March 9, 2009
Is There Such A Thing As Green Ice? Well, Maybe
By Michael D. Shaw
An interesting paper by Federico Formenti and Alberto Minetti—appearing in the January, 2008 issue of the Biological Journal of the Linnean Society—holds that humans first traveled on ice to save energy. Of course, back in that era (around 2000 BC), the energy being saved was strictly of the natural biological variety.
Their study examined the energy-saving benefits of moving along on skates fashioned from animal bones and skin, and argues that southern Finland could have been the birthplace of skating. With the advent of metal blades—perhaps by the Dutch before the 15th century—the motion was improved, but until 1850 and the all-steel configuration, a skate was little more than a wooden footplate, attached to the foot with leather straps.
The physics of ice skating are still not well understood, although some new discoveries are challenging the old notion that either pressure or friction melts the ice, creating a liquid water lubricant on the surface. For one thing, scientists have calculated that pucks and skates do not generate enough pressure to instantly liquefy ice. For another, Professor Gabor Somorjai of the Lawrence Berkeley National Laboratory has found that a “quasi-fluid” or “water-like” layer exists on the surface of ice and may be thicker or thinner depending on temperature.
That is, no melting is required. This layer is always there, even at extremely low temperatures. At -250° F (-157° C), for example, this layer is one molecule thick. As the temperature increases, the layer gets thicker, and can explain the difference between so-called fast ice and slow ice. Figure skaters skate on warmer ice than hockey players, preferring the softer landing derived from the thicker surface water layer.
History records that the first rink with artificially frozen ice, called the Glaciarium, was opened in London in 1876. Three years later, Madison Square Garden was the site of the first frozen rink in the United States. Fast forward to the present, with approximately 3,000 ice rinks in the U.S., and 5,500 in Canada.
In recent years, though, energy costs have become more of a concern in these rinks, and in certain cases, the refrigeration systems were never intended for year-round operation. One solution to this problem is synthetic ice—made of plastic and first introduced in the 1960s.
The early versions of synthetic ice required the application of silicones to the surface, and also utilized crude methods of joining together the plastic panels, which could actually trip the skaters. Not surprisingly, these early iterations left a poor impression.
Present-day synthetic ice, usually ultra-high molecular weight polyethylene or a high density polyethylene (HDPE) and sometimes sprayed with friction-reducing solution or wax, fits together like a jigsaw puzzle. Manufacturers claim the more you skate on it, the better the surface gets. It is suitable for all ice activities, and you can use normal skates. In appearance, it looks like a giant plastic cutting board.

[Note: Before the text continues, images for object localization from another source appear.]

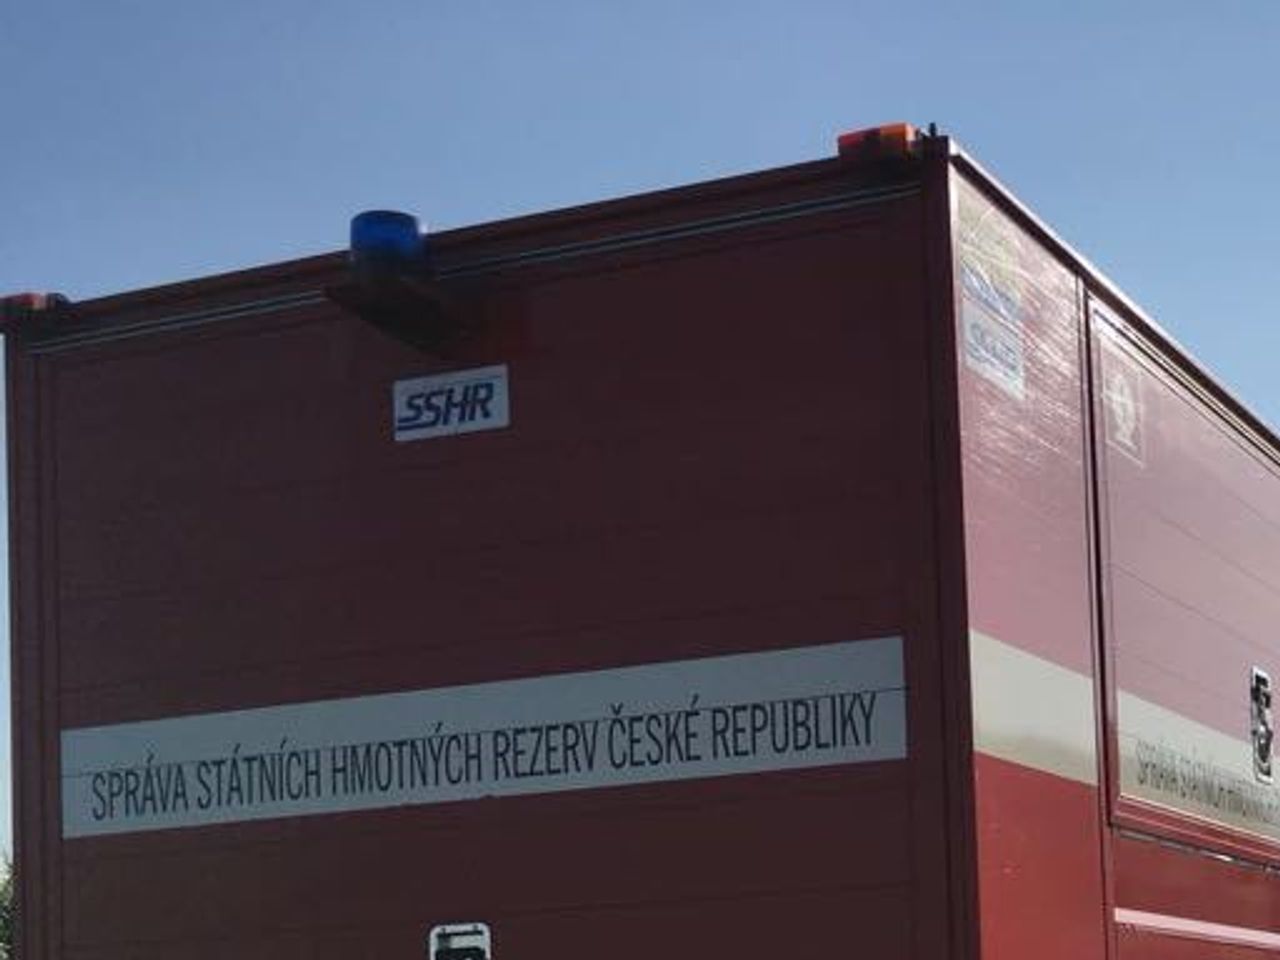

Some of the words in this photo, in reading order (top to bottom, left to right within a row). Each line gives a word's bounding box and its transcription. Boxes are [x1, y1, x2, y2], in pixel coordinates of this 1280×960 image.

[397, 383, 494, 431] SSHR
[92, 753, 189, 821] SPRÁVA
[197, 737, 322, 810] STÁTNÍCH
[331, 722, 482, 795] HMOTNÝCH
[494, 720, 600, 782] REZERV
[608, 694, 702, 769] ČESKÉ
[712, 690, 878, 760] REPUBLIKY
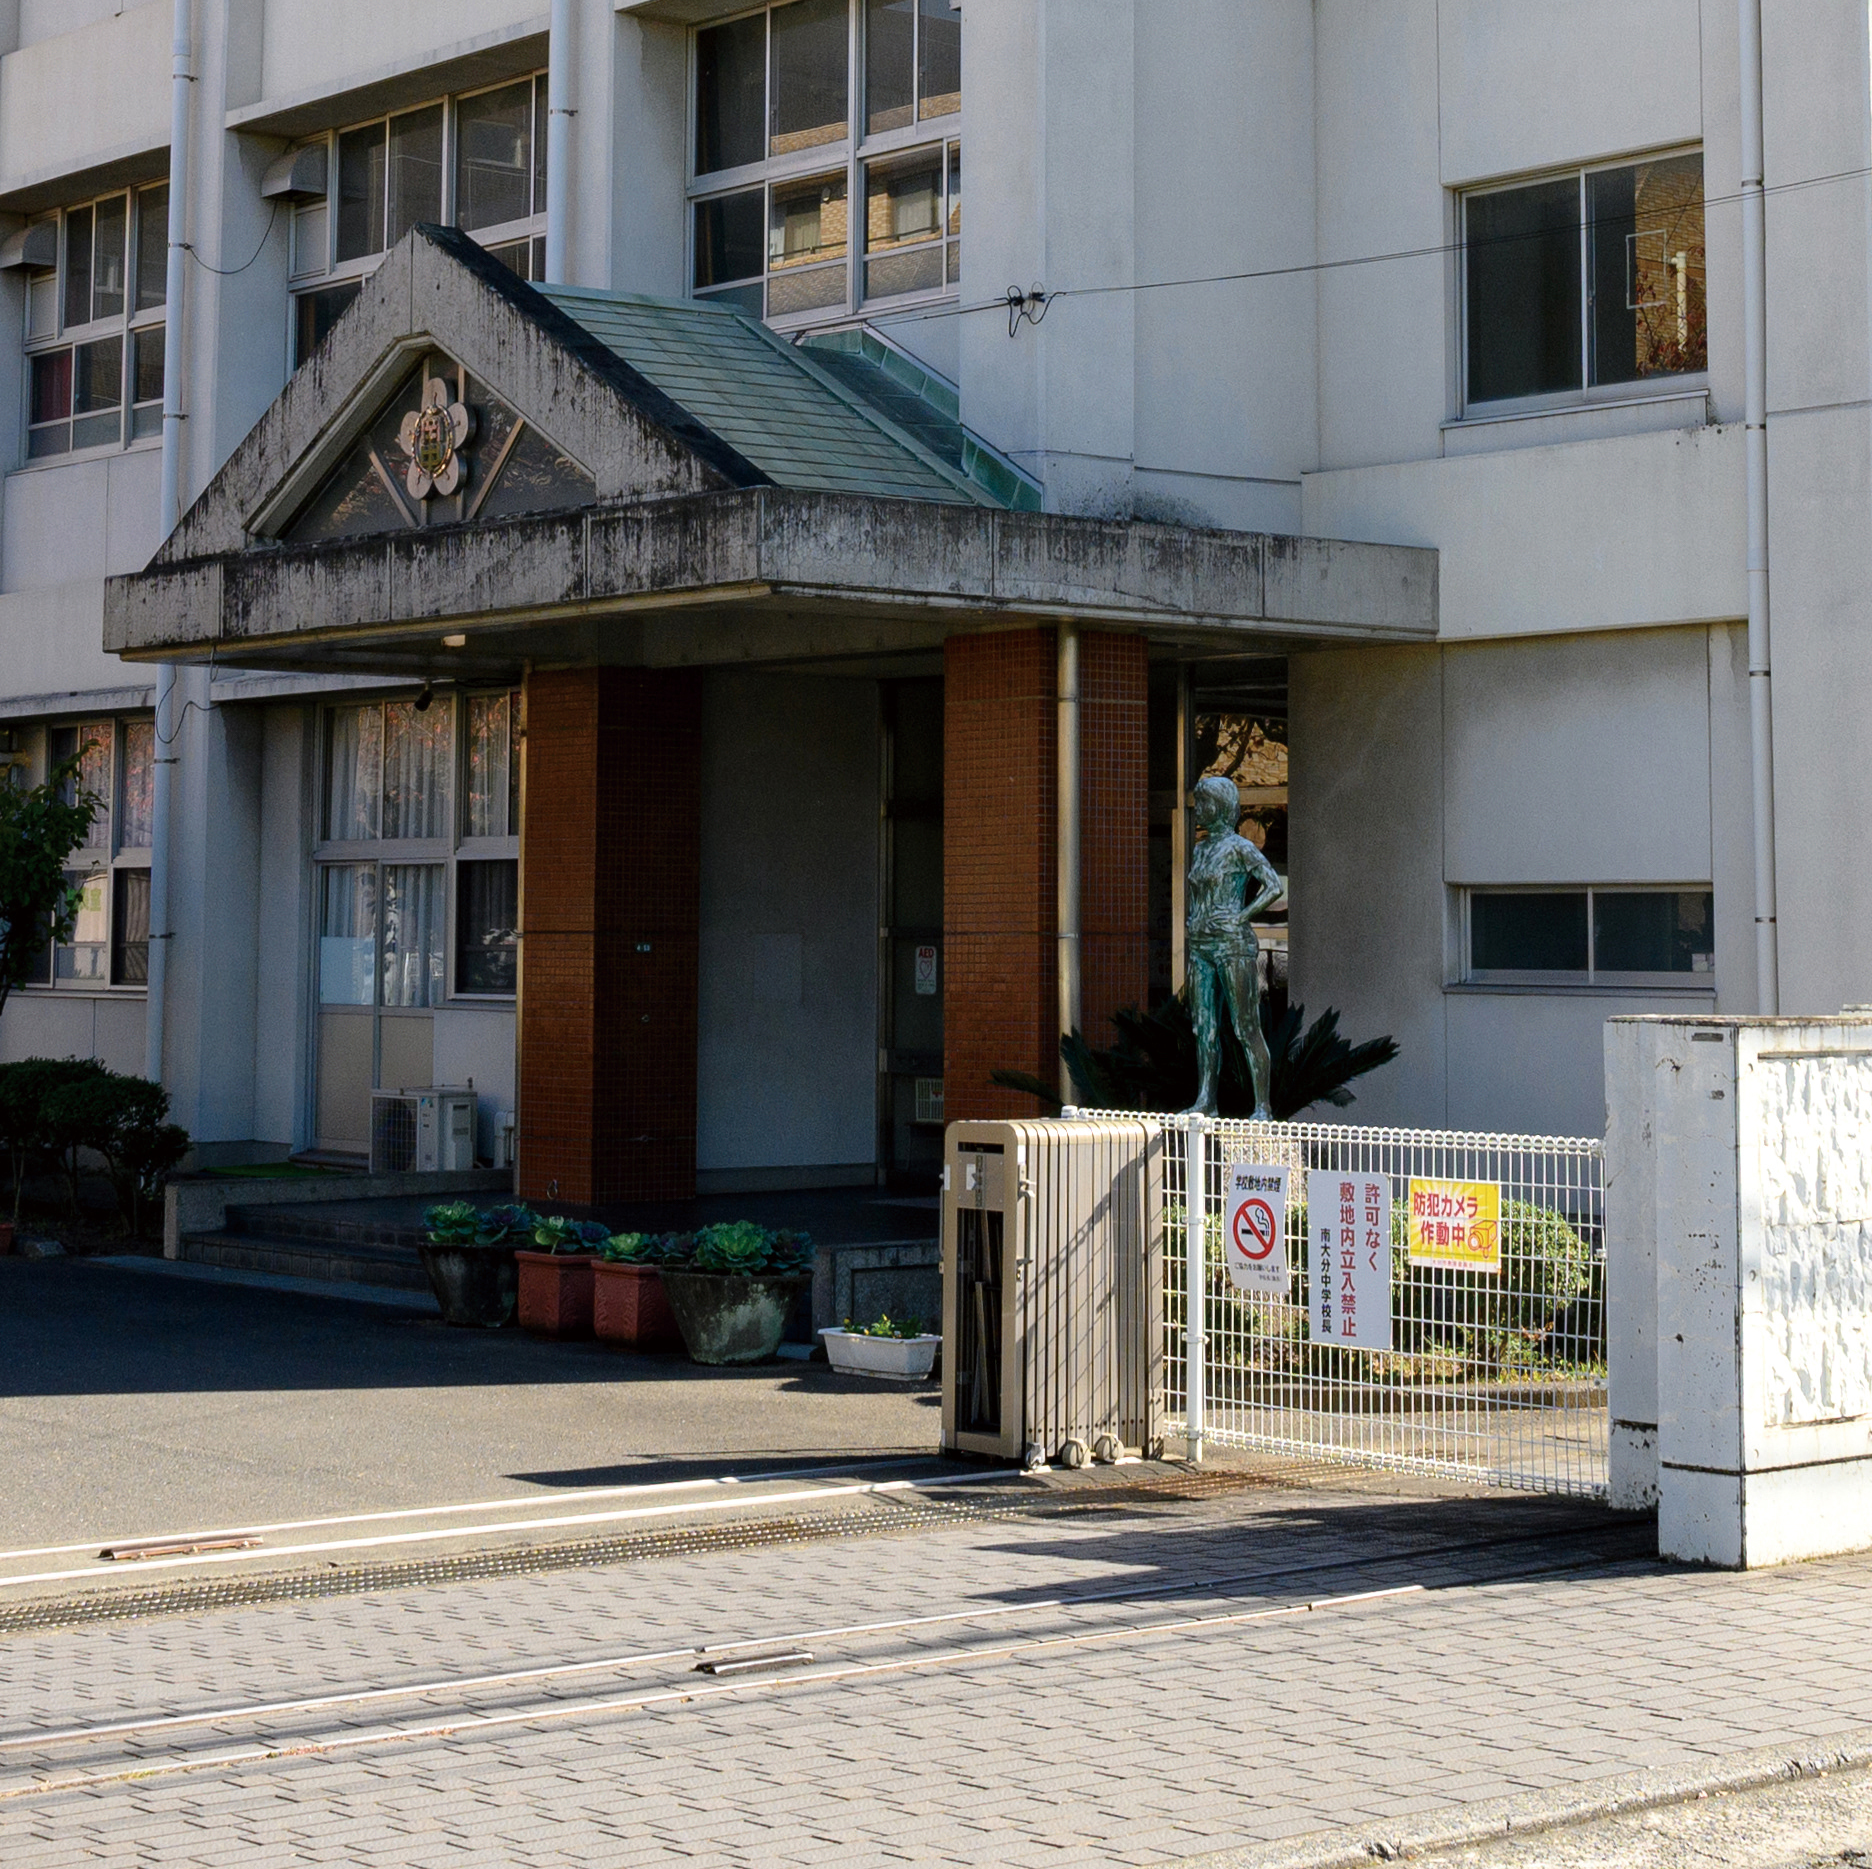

François Bilodeau, president of Montreal-based Glace Synthetique du Canada Inc., says that once skaters get past the initial 15 percent extra effort needed to skate on the surface made of synthetic polymers, the rest is smooth skating. “The advantage of plastic is there’s no maintenance, no refrigeration needed, no chemicals or ice-cleaning machine, so the energy costs are zero,” he said. While the surface is not yet suitable for the National Hockey League, aspiring players use it for practice, citing the built-in extra effort required.
Plastics industry blogger Barry Eisenberg describes how the Japanese ice skating boom was saved from high energy costs with the new synthetic ice. Annual savings of $190,000 on refrigeration and water costs are mentioned.
From the Finns of 4000 years ago trying to save human energy by traversing natural ice, to present day people using synthetic ice to save “synthetic” energy. Quite a journey.